[Records drawn from a dataset]
---

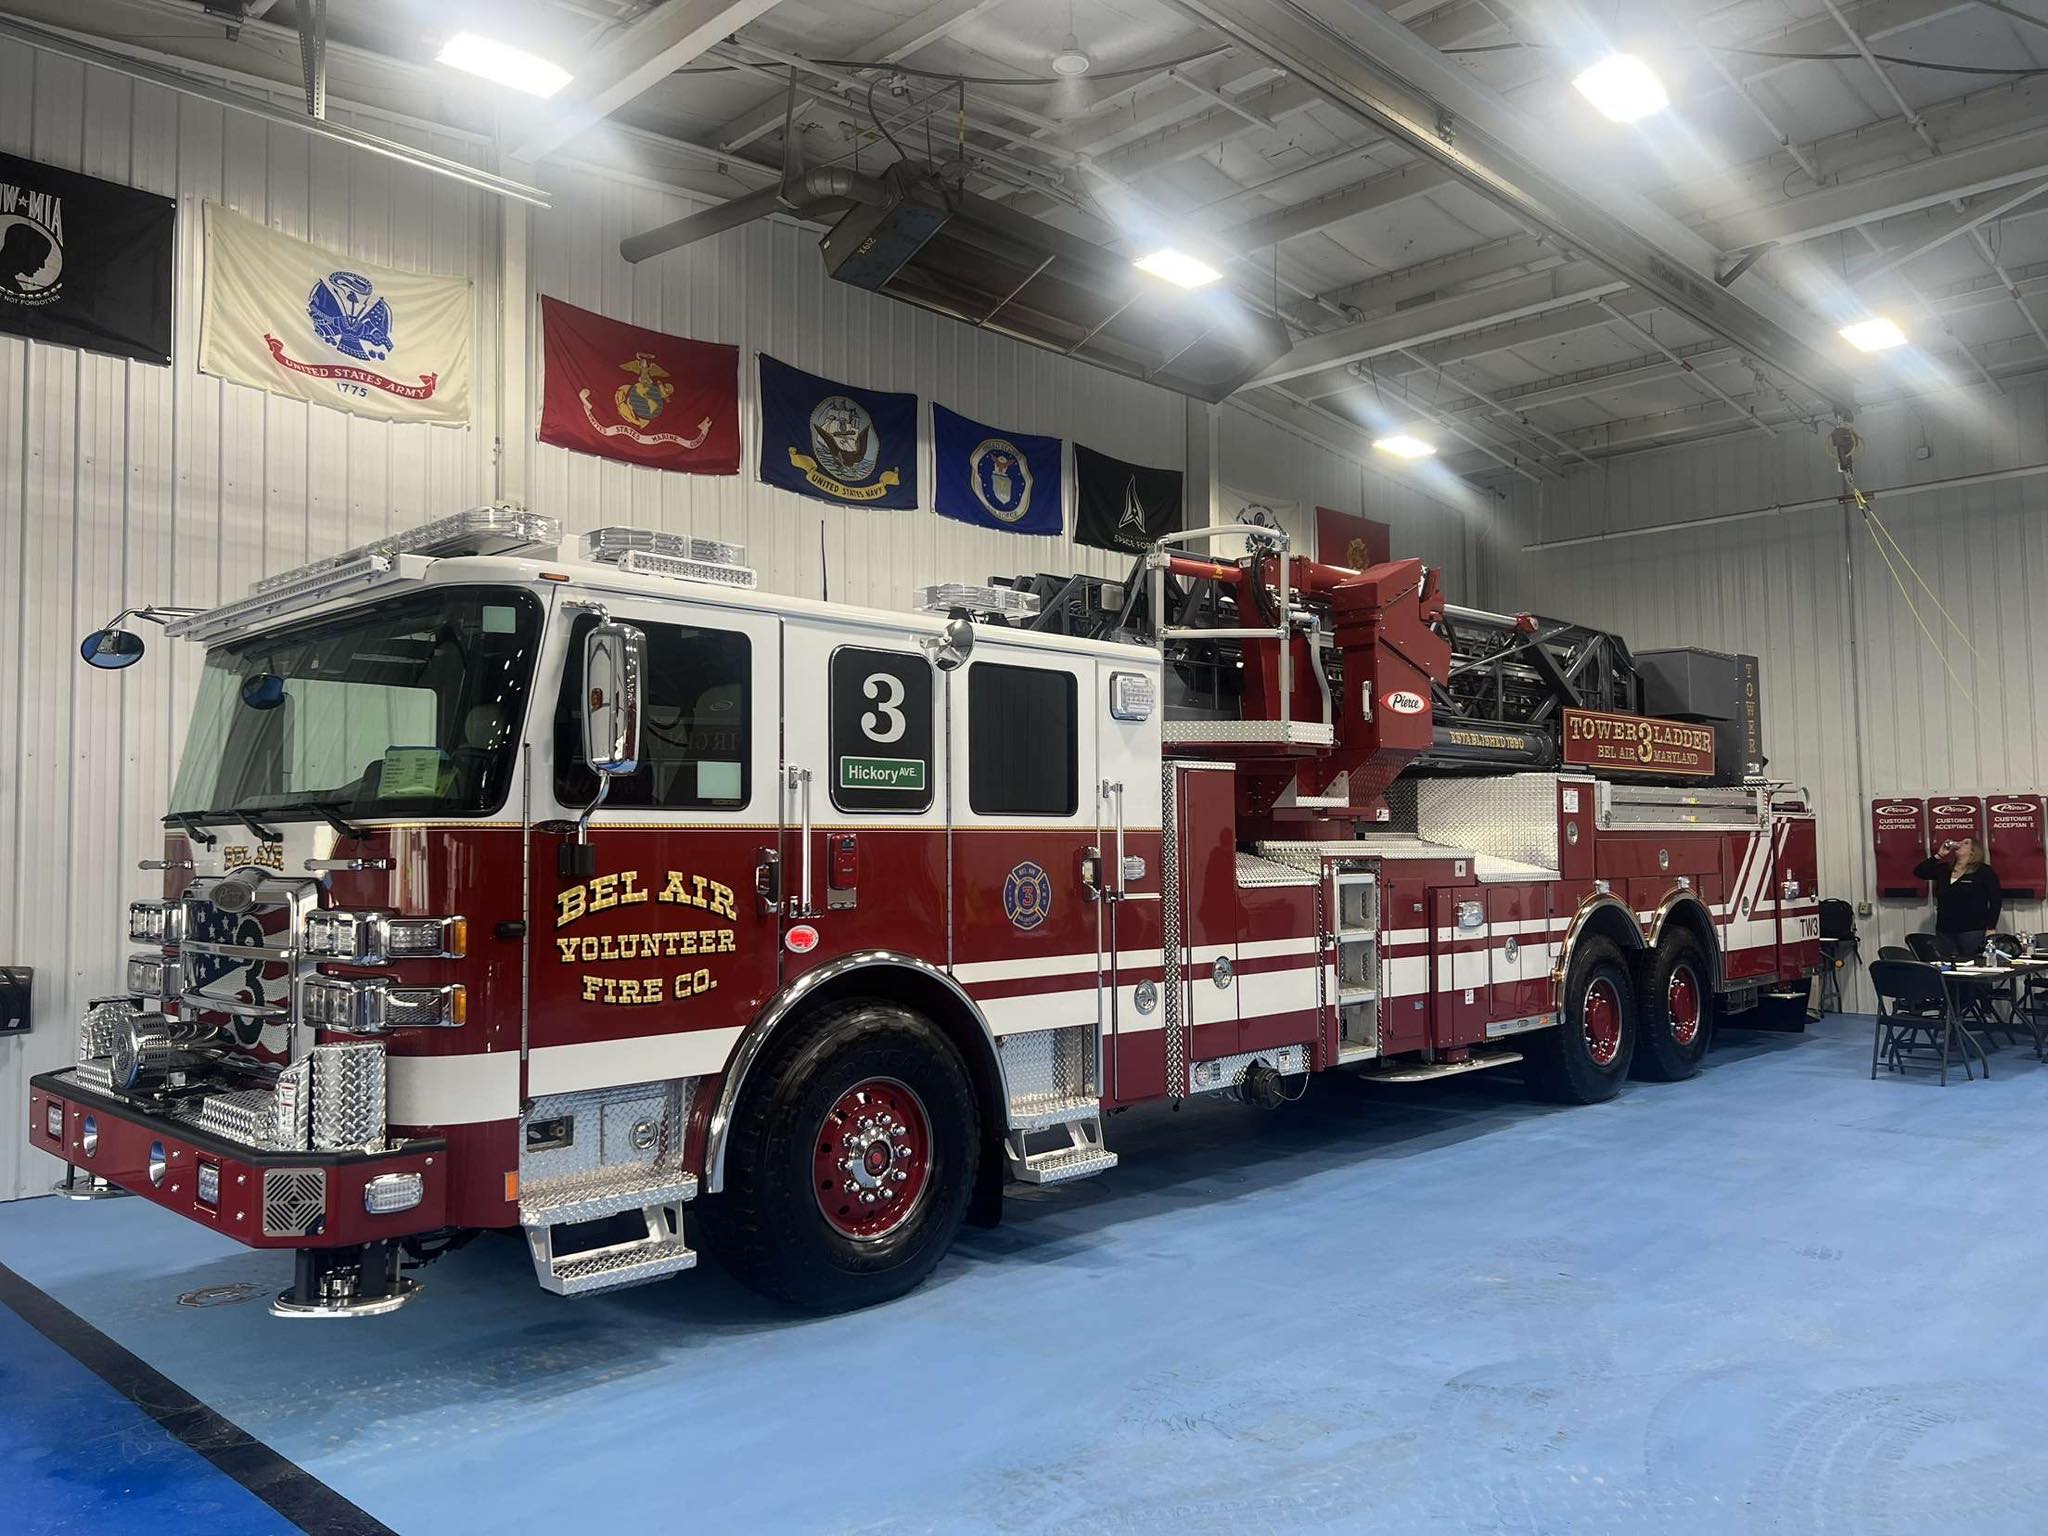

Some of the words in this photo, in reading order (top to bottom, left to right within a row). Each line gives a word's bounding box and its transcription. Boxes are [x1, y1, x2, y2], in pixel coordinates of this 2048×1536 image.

[29, 191, 63, 247] MIA
[4, 295, 19, 304] NOT
[20, 295, 60, 306] FORGOTTEN
[285, 359, 329, 377] UNITED
[334, 368, 383, 386] STATES
[386, 384, 426, 398] ARMY
[336, 383, 368, 397] 1775
[811, 474, 840, 493] UNITED
[842, 488, 865, 498] STATES
[865, 486, 883, 498] NAVY
[860, 673, 906, 743] 3
[1392, 693, 1420, 709] Pierce
[1745, 663, 1757, 753] TOWER
[1570, 716, 1637, 741] TOWER
[1637, 722, 1653, 763] 3
[1653, 725, 1711, 754] LADDER
[1597, 745, 1617, 758] BEL
[1653, 750, 1698, 765] MARYLAND
[849, 765, 898, 784] Hickory
[224, 846, 252, 871] BEL
[254, 845, 284, 872] AIR
[557, 871, 649, 928] BEL
[658, 871, 737, 922] AIR
[1022, 886, 1033, 907] 3
[1800, 917, 1818, 938] TW3
[557, 929, 736, 962] VOLUNTEER
[583, 975, 663, 1004] FIRE
[675, 968, 718, 998] CO.

---

* Problem statement
Output the records above in their entirety and exactly, leaving out all images.

* Solution to this task
Some of the words in this photo, in reading order (top to bottom, left to right within a row). Each line gives a word's bounding box and its transcription. Boxes are [x1, y1, x2, y2], in pixel coordinates of this 2048×1536 image.

[29, 191, 63, 247] MIA
[4, 295, 19, 304] NOT
[20, 295, 60, 306] FORGOTTEN
[285, 359, 329, 377] UNITED
[334, 368, 383, 386] STATES
[386, 384, 426, 398] ARMY
[336, 383, 368, 397] 1775
[811, 474, 840, 493] UNITED
[842, 488, 865, 498] STATES
[865, 486, 883, 498] NAVY
[860, 673, 906, 743] 3
[1392, 693, 1420, 709] Pierce
[1745, 663, 1757, 753] TOWER
[1570, 716, 1637, 741] TOWER
[1637, 722, 1653, 763] 3
[1653, 725, 1711, 754] LADDER
[1597, 745, 1617, 758] BEL
[1653, 750, 1698, 765] MARYLAND
[849, 765, 898, 784] Hickory
[224, 846, 252, 871] BEL
[254, 845, 284, 872] AIR
[557, 871, 649, 928] BEL
[658, 871, 737, 922] AIR
[1022, 886, 1033, 907] 3
[1800, 917, 1818, 938] TW3
[557, 929, 736, 962] VOLUNTEER
[583, 975, 663, 1004] FIRE
[675, 968, 718, 998] CO.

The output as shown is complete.